China’s GDP growth is projected to rise to 5.6 percent in 2023, led by a rebound in consumer demand. Capital spending in infrastructure and manufacturing is expected to remain resilient. Meanwhile, external demand is expected to remain soft with weak global growth impacting exports.

17 March
China Is Changing the Way It Governs
(Globely) Chinese President Xi Jinping had only just launched his third term in power when questions about his leadership began to circulate at home and abroad.
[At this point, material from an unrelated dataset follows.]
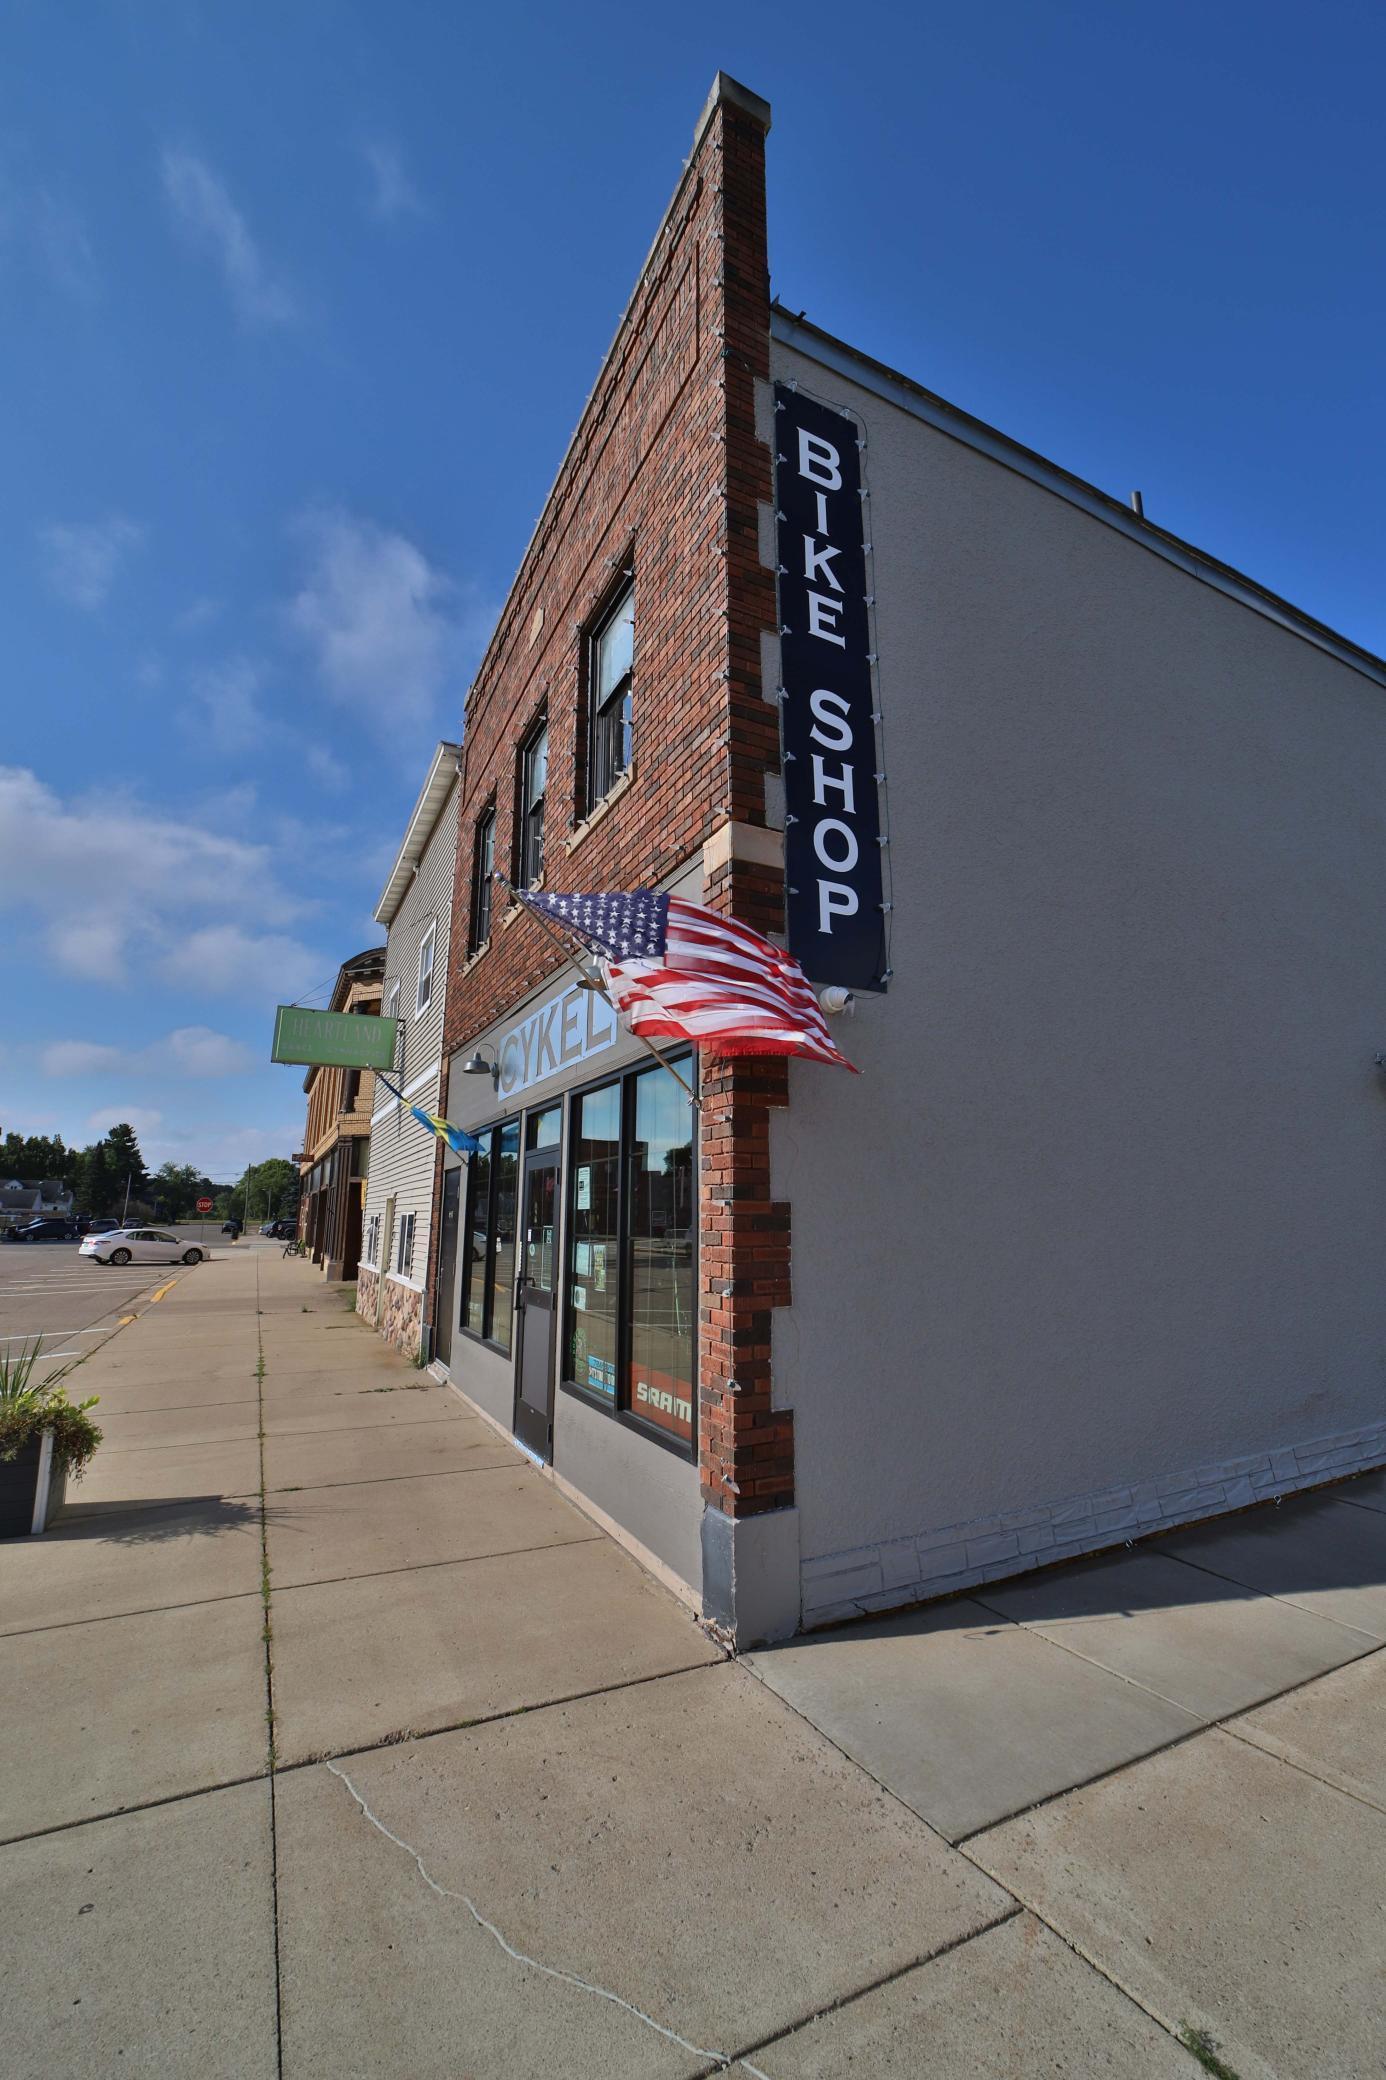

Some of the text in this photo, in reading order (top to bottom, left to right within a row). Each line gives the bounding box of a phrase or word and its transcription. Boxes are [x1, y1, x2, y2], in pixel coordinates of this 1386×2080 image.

[796, 426, 859, 935] BIKE SHOP
[292, 1017, 382, 1043] HEARTLAND
[500, 985, 613, 1094] CYKEL
[636, 1381, 692, 1424] SRAM
China’s complete turnaround on its zero-COVID policy was so rapid and extraordinary that it caught almost everyone by surprise.
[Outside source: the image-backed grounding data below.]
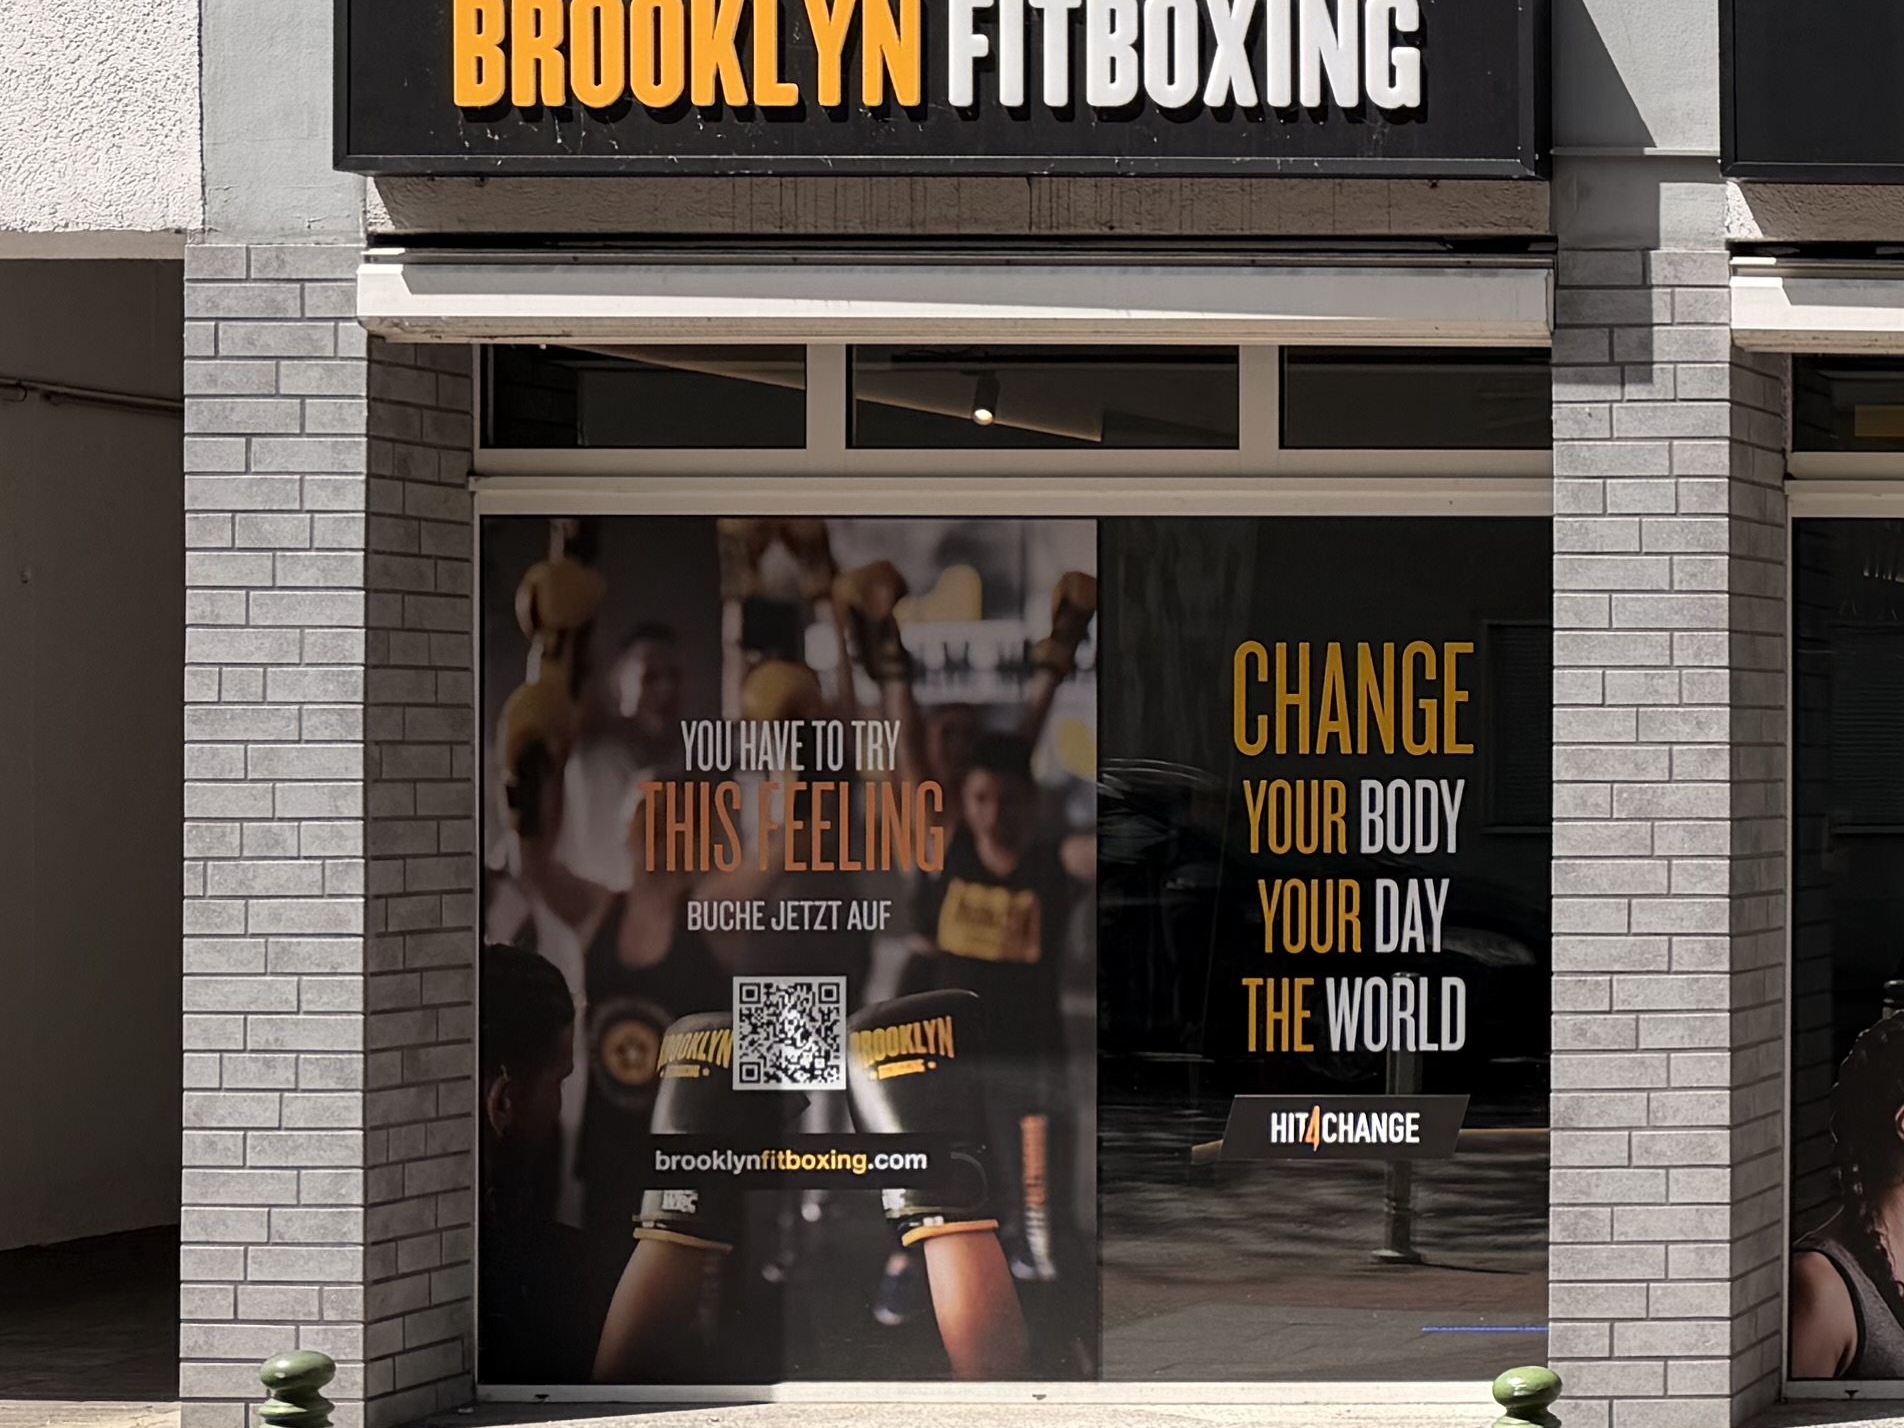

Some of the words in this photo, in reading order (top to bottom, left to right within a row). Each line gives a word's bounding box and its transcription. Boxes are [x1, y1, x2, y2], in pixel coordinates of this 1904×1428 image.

[1233, 639, 1475, 756] CHANGE
[681, 719, 733, 772] YOU
[740, 719, 806, 772] HAVE
[812, 719, 844, 772] TO
[851, 719, 901, 772] TRY
[637, 781, 741, 872] THIS
[757, 781, 945, 872] FEELING
[1243, 778, 1348, 855] YOUR
[1360, 778, 1466, 855] BODY
[688, 899, 765, 932] BUCHE
[771, 899, 841, 932] JETZT
[845, 899, 893, 932] AUF
[1257, 877, 1362, 954] YOUR
[1375, 877, 1450, 954] DAY
[1241, 976, 1315, 1052] THE
[1325, 976, 1467, 1052] WORLD
[657, 1028, 734, 1072] OOKLYN
[1270, 1104, 1421, 1152] HIT4CHANGE
[655, 1149, 928, 1176] brooklynfitboxing.com
But China’s course correction was signaled well before policy shifted in December 2022. In February 2022 responsibility for controlling COVID-19 was devolved to local governments, which made China’s shift from “dynamic clearing” or zero-COVID possible. Before the 20th Party Congress, the Yangtze River Delta was slated as the centerpiece of China’s COVID-19 recovery. After the Party Congress, local governments began to loosen restrictions a week before official central word. But the national scale of the reversal was more surprising than the implication that some areas could follow different policies.
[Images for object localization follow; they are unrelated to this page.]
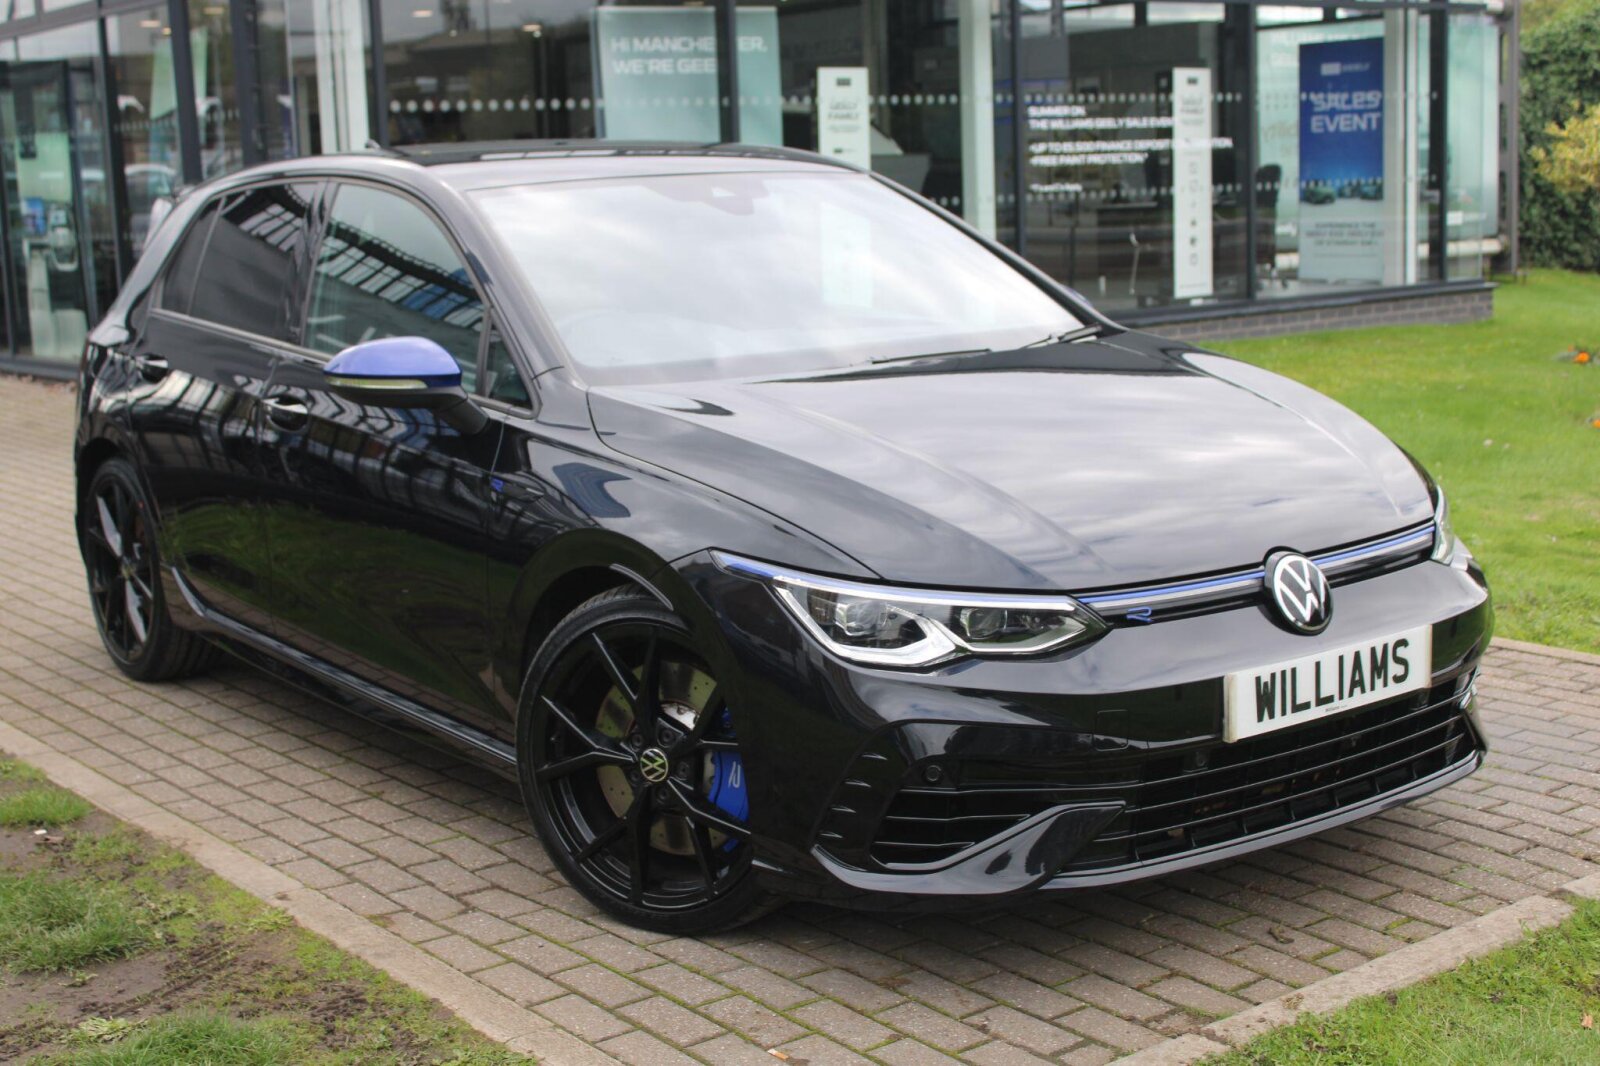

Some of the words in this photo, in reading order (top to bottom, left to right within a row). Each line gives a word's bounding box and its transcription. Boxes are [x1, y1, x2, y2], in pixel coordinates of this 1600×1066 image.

[611, 36, 629, 51] HI
[632, 35, 769, 52] MANCHEER.
[1308, 89, 1382, 112] SALES
[1310, 112, 1381, 133] EVENT
[1255, 638, 1409, 724] WILLIAMS
Following the zero-COVID turnaround, there was central silence until February, when Xi’s role was portrayed as visionary and the Chinese Communist Party (CCP) united behind the new policy direction. That was more than three months after the decisions were taken, and they were then announced by the health authorities rather than by Xi himself.

5 February
China’s ultra-fast economic recovery
The country’s reopening will boost global growth, perhaps uncomfortably
(Foreign Affairs) China is opening up after three years of strict “zero COVID” policies that dampened growth in the world’s second-largest economy. From punitive lockdowns to supply chain disruptions to a worsening demographic crisis, China’s economic outlook has weakened, even as Chinese officials assert that the country is back in business. But China’s current economic uncertainties are deeply rooted in the country’s unbalanced economic model, Michael Pettis warns (in this piece from October 2022). (How China Trapped Itself The CCP’s Economic Model Has Left It With Only Bad Choices) Having relied on a high-investment, debt-fueled development strategy for decades, China is now in an economic predicament of its own making—and regardless of how Beijing proceeds, Pettis predicts, “Chinese growth will slow sharply, and the way in which it does will have profound consequences for the country, the CCP, and the global economy.”

17 January
China Returns to Davos With Clear Message: We’re Open for Business
Emerging from coronavirus lockdown to a world changed by the war in Ukraine, China sought to convey reassurance about its economic health.

5 January
How China’s reopening will disrupt the world economy
A tale of death, growth and inflation
(The Economist) For the better part of three years—1,016 days to be exact—China will have been closed to the world. …  So when the country opens its borders on January 8th, abandoning the last remnants of its “zero-covid” policy, the renewal of commercial, intellectual and cultural contact will have huge consequences, mostly benign.
But eventually something resembling normality will return. The revival of commercial, intellectual and cultural contact with China should be welcomed. But its post-covid economic recovery will be hugely disruptive for the global economy, pushing up the price of oil, gas and other commodities, stoking inflation and forcing central banks to keep monetary policy tighter for longer.